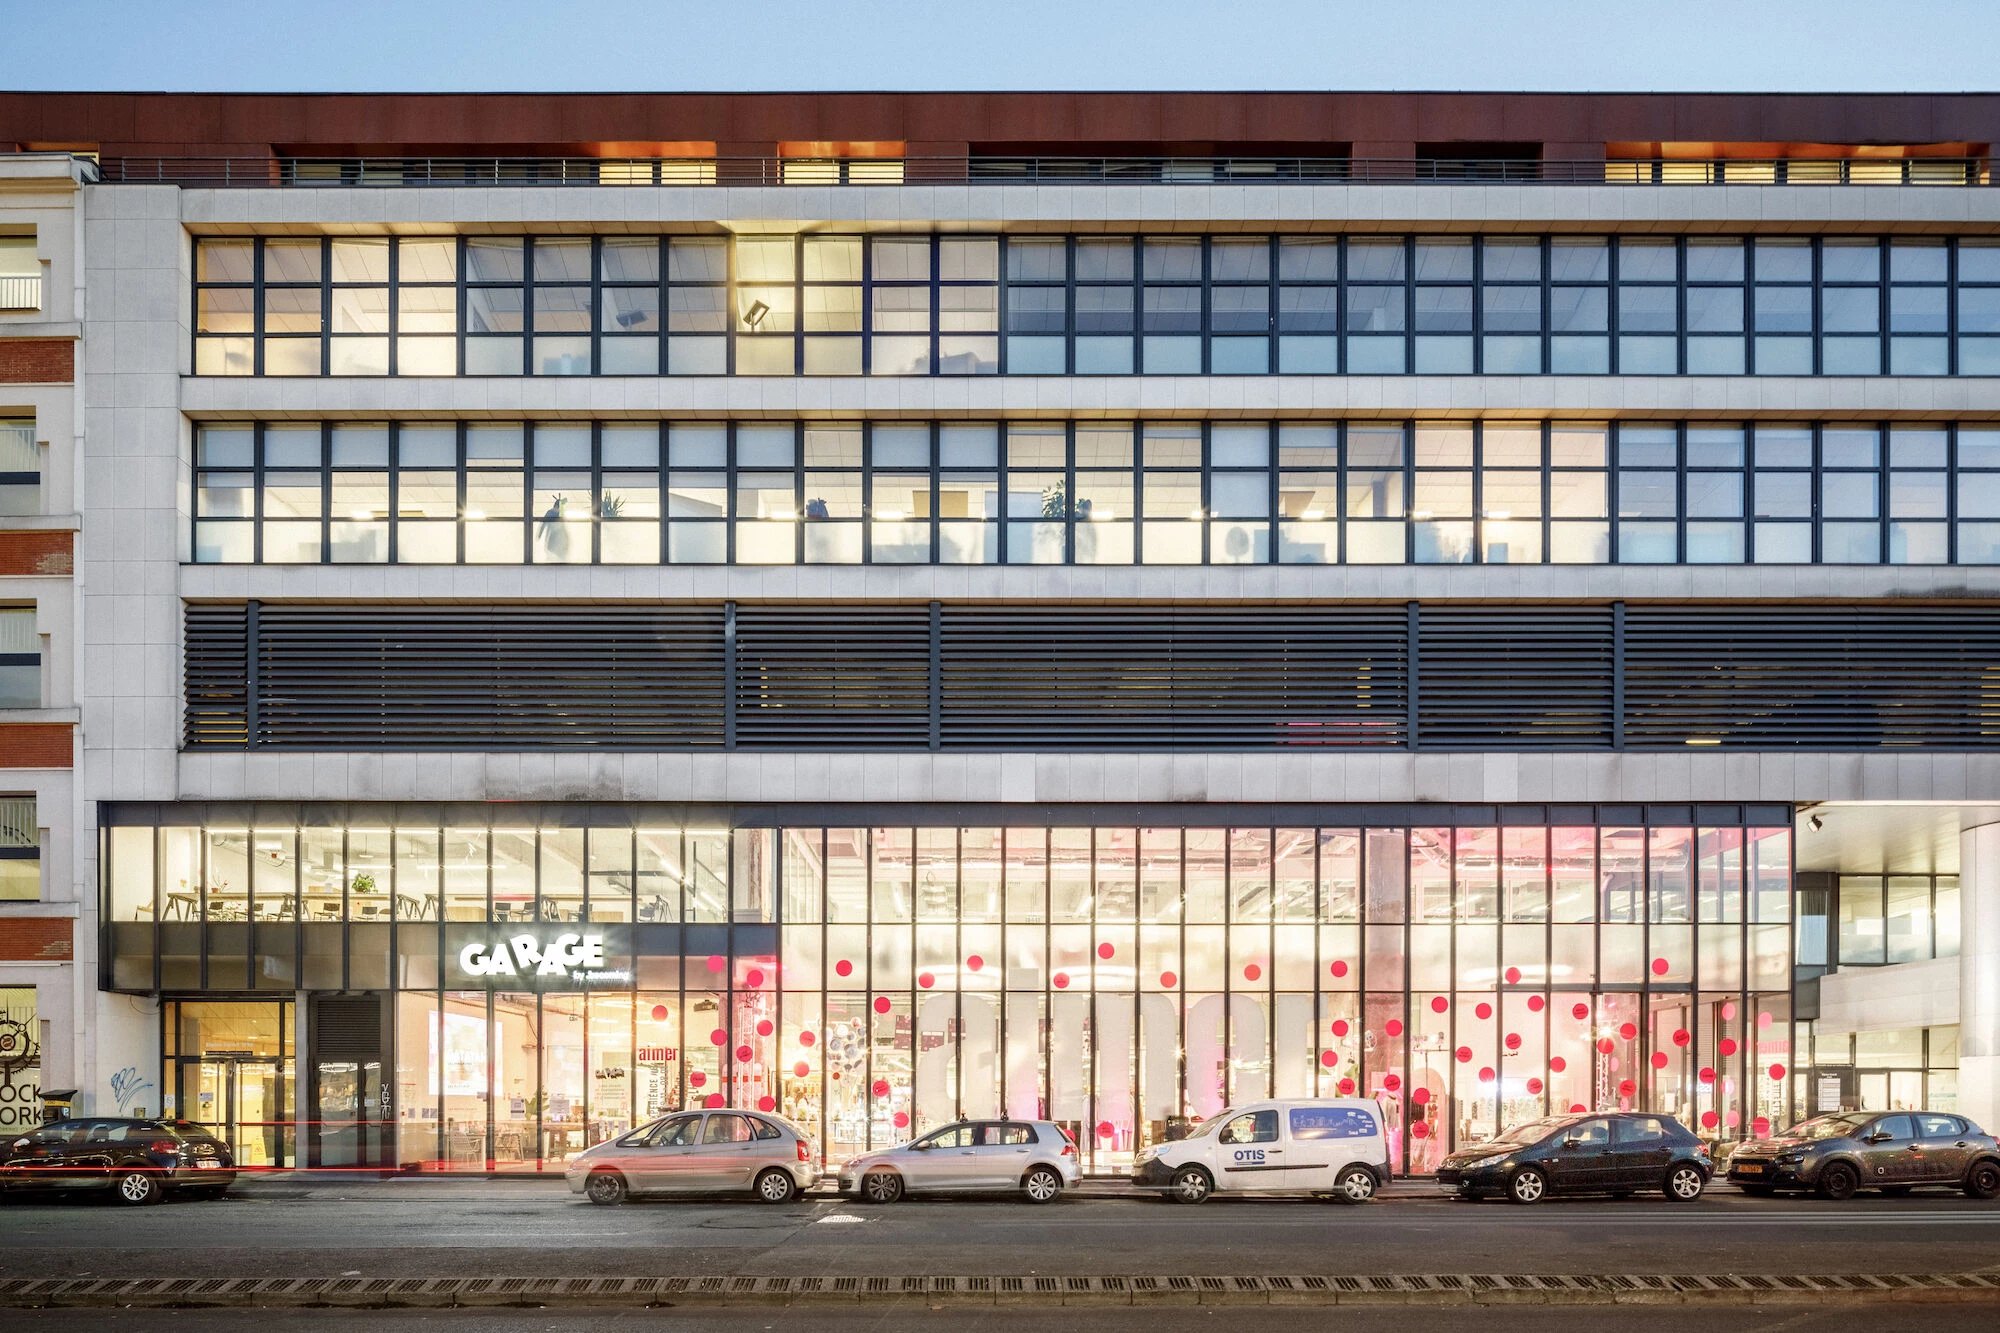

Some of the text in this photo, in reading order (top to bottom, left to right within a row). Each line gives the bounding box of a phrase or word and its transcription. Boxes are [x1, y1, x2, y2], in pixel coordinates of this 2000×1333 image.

[459, 933, 605, 976] GARAGE
[573, 970, 585, 981] by
[638, 1045, 678, 1061] aimer
[0, 1084, 41, 1102] OCK
[0, 1106, 41, 1125] ORK
[1234, 1149, 1265, 1161] OTIS

EXERCISE DIRECTIONS:
Each record has to be set down verbatim, and the pictures must not appear in the copy.

COMPLETED EXERCISE:
Some of the text in this photo, in reading order (top to bottom, left to right within a row). Each line gives the bounding box of a phrase or word and its transcription. Boxes are [x1, y1, x2, y2], in pixel coordinates of this 2000×1333 image.

[459, 933, 605, 976] GARAGE
[573, 970, 585, 981] by
[638, 1045, 678, 1061] aimer
[0, 1084, 41, 1102] OCK
[0, 1106, 41, 1125] ORK
[1234, 1149, 1265, 1161] OTIS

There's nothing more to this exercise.